### INSTRUCTIONS FOR THE TASK
Leaving the pictures aside, repeat the entries exactly.
----------------------------------------
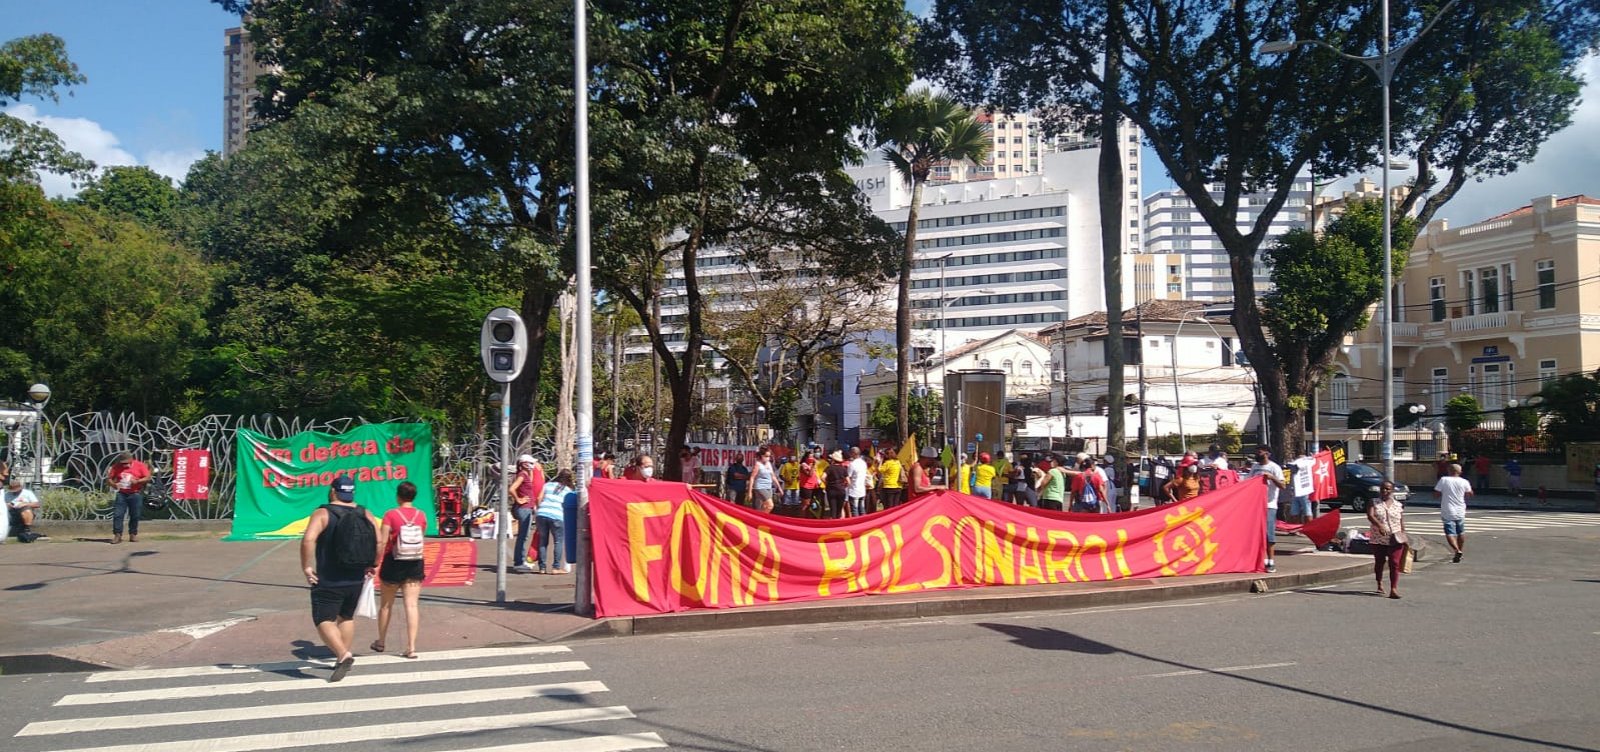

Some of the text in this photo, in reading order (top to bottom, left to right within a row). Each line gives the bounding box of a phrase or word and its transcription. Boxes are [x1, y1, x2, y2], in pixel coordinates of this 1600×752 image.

[254, 435, 416, 464] Em defesa da
[701, 448, 720, 467] TAS
[175, 456, 189, 494] SOCIALISMO
[262, 461, 408, 489] Democracia
[626, 499, 781, 606] FORA
----------------------------------------
### RESPONSE TO THE TASK
Some of the text in this photo, in reading order (top to bottom, left to right within a row). Each line gives the bounding box of a phrase or word and its transcription. Boxes are [x1, y1, x2, y2], in pixel coordinates of this 1600×752 image.

[254, 435, 416, 464] Em defesa da
[701, 448, 720, 467] TAS
[175, 456, 189, 494] SOCIALISMO
[262, 461, 408, 489] Democracia
[626, 499, 781, 606] FORA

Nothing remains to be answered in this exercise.